Big Bill Broonzy
Big Bill Broonzy -- This Train
Big Bill Broonzy -- Going Down the Road
Prompted by an AskMe question about feeling sick after running, I dug out my old running shoes--I'd been jogging before coming to town and for one reason or another it quickly tapered off after I settled in here, shortly after buying a new pair. The shoes are eleven years old and barely used; they fit when I bought them, but last night they were a bit tight--too narrow and too short. Maybe they shrank somehow, or maybe my feet weren't done growing at 19.
I loosened the laces a fair bit and did some stretches and off I went: down a Florida hill, something so small it wouldn't earn the name "hill" in most states, and up the next. A third of a mile later I was stopped at the corner to catch my breath. I can ride my bicycle 15 miles to the next town without getting worn out, but I don't have the same skill with jogging. After about an hour of jogging and walking and jogging and, at the end, quite a lot of walking, I was back home. I slept soundly and, for some reason, dreamed of trains.
Johnny Gray is a character I've always identified with: in over his head, meaning well but not very competent, often succeeding in spite of himself. It's a solid comic concept, used in Inspector Clouseau and Inspector Gadget and any number of Terry Pratchett characters. It's a great film, though Gray's on the wrong side (but, what the hell--I love Das Boot too).
Big Bill Broonzy was a folk/blues/country gospel guitarist and singer. "This Train" is a gospel song about salvation--"This train you don't pay no transportation / There's no Jim Crow and no discrimination / This train is bound for glory, this train / This train don't carry white or black / Everybody ride it is treated just alike." It's a great song, and it's easy to take it as uplifting if you don't consider the history it comes from or the ongoing struggle for fairness and equality.
"Goin' Down This Road" is a song about a man who leaves his woman because he's too proud to eat beans and cornbread; he complains also about his two-dollar shoes ("takes a ten-dollar shoe to fit my feet"). It's surprisingly fun and funny considering the content.

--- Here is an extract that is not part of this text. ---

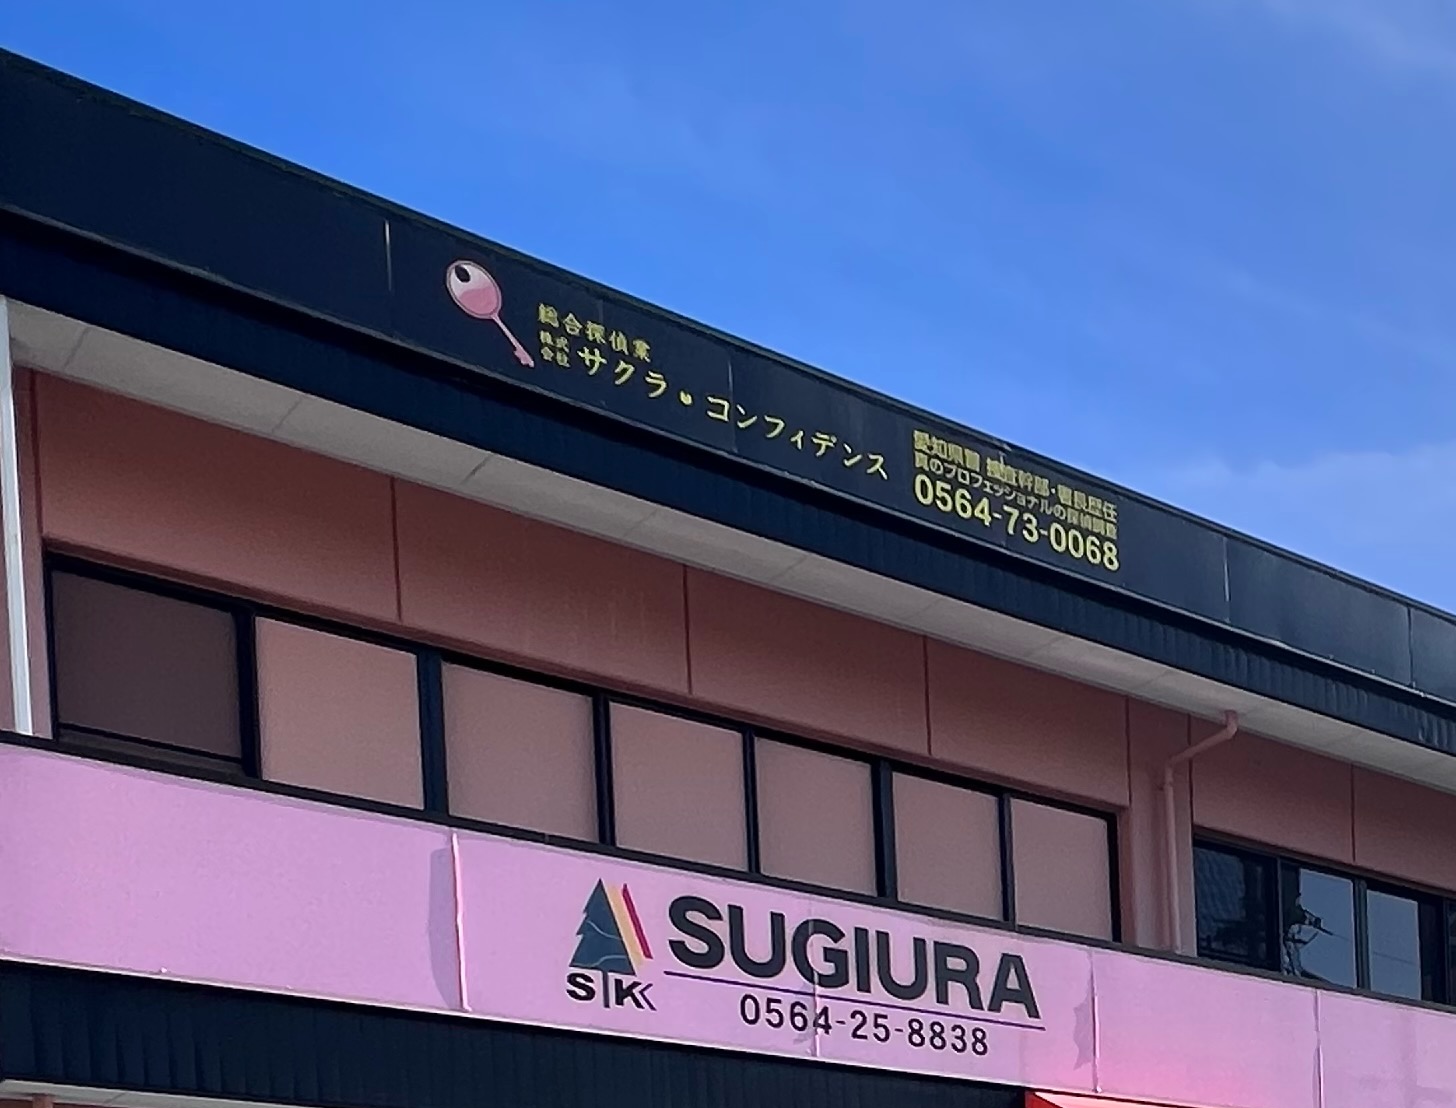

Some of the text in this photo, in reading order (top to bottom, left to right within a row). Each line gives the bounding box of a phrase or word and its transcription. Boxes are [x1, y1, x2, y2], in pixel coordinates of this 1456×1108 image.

[914, 474, 1120, 572] 0564-73-0068
[668, 896, 1041, 1020] SUGIURA
[740, 993, 989, 1056] 0564-25-8838
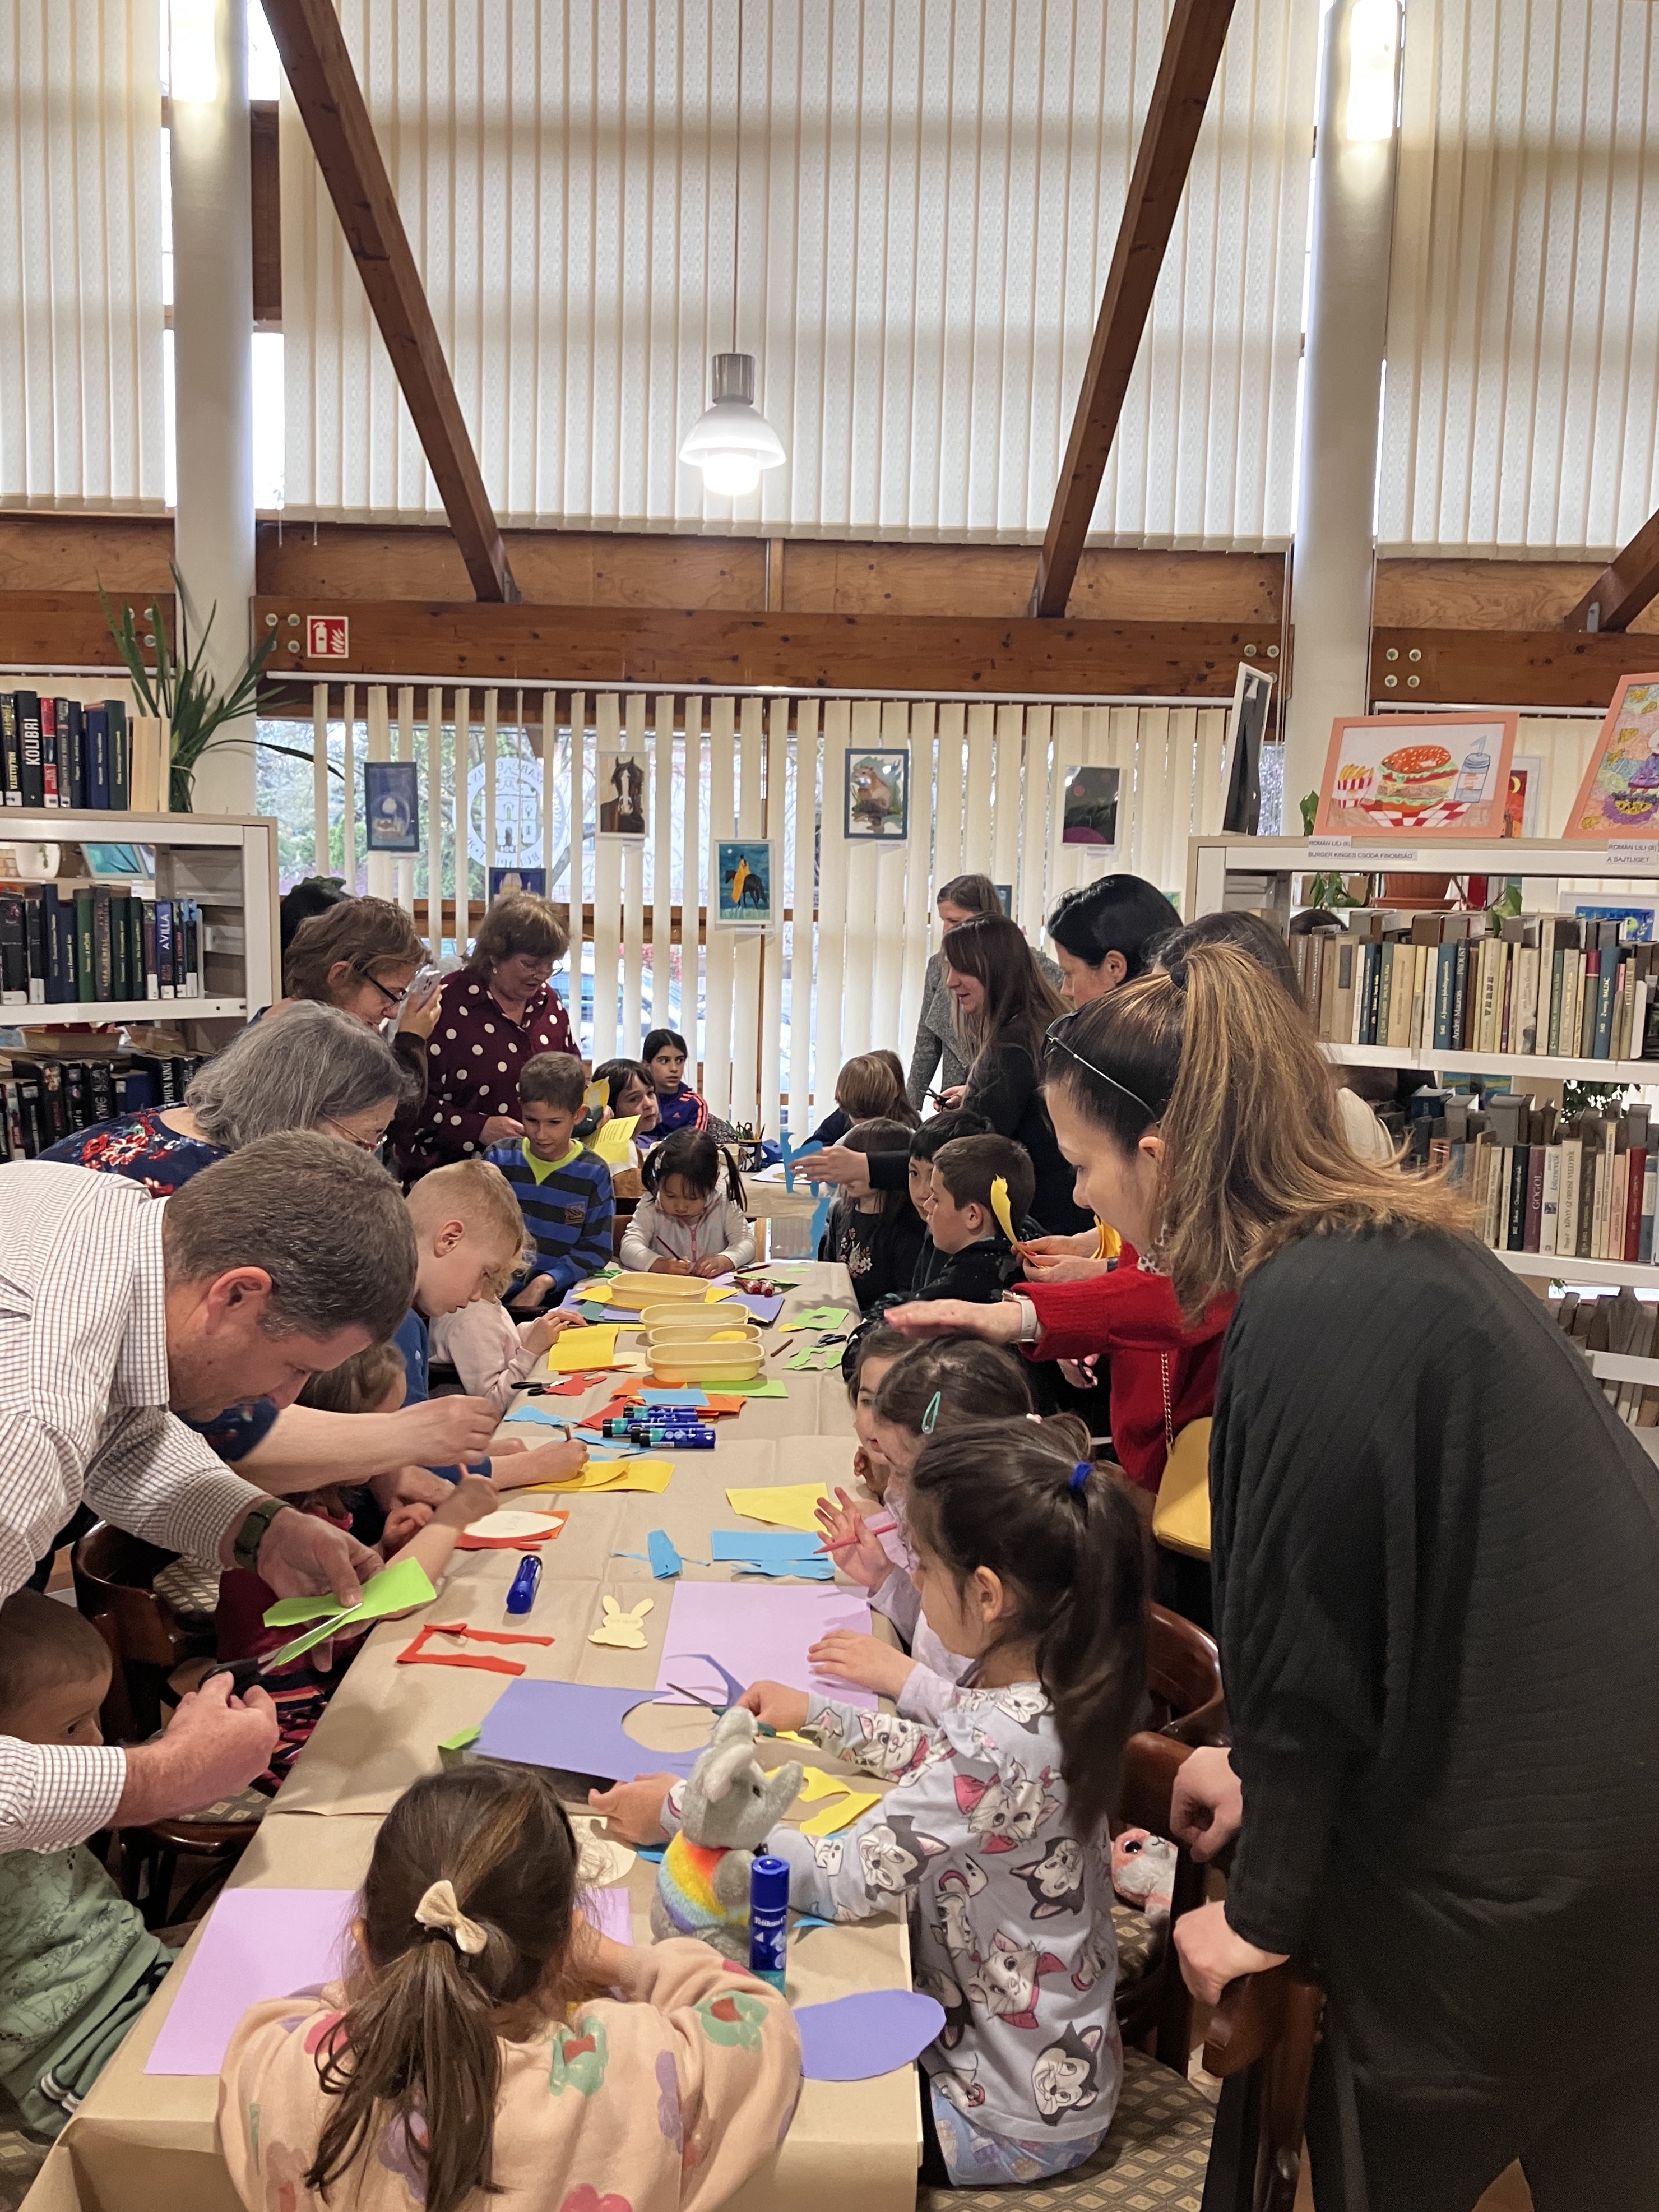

These two tracks are from the Smithsonian Folkways compilation, which has some top-notch recordings with good liner notes, but in a font so small the CD should have come with a free magnifying glass. I'm not sure why they printed them on a folded insert unless they were trying to save on paper, but it was a poor decision to squeeze four columns of text in less than six and a half inches of space.
The tracks were recorded in the late 1950s, towards the very end of Broonzy's career; some of them were studio sessions and the others were in concert with Pete Seeger. It's a far cry from his early days share-cropping and laying tracks for railroads, but in spite of his success abroad, he died nearly broke; his friends were setting up a benefit concert for him when he died of cancer in 1958.
Other personal favorites on the disc include "Bill Bailey," "John Henry," and "The Glory of Love."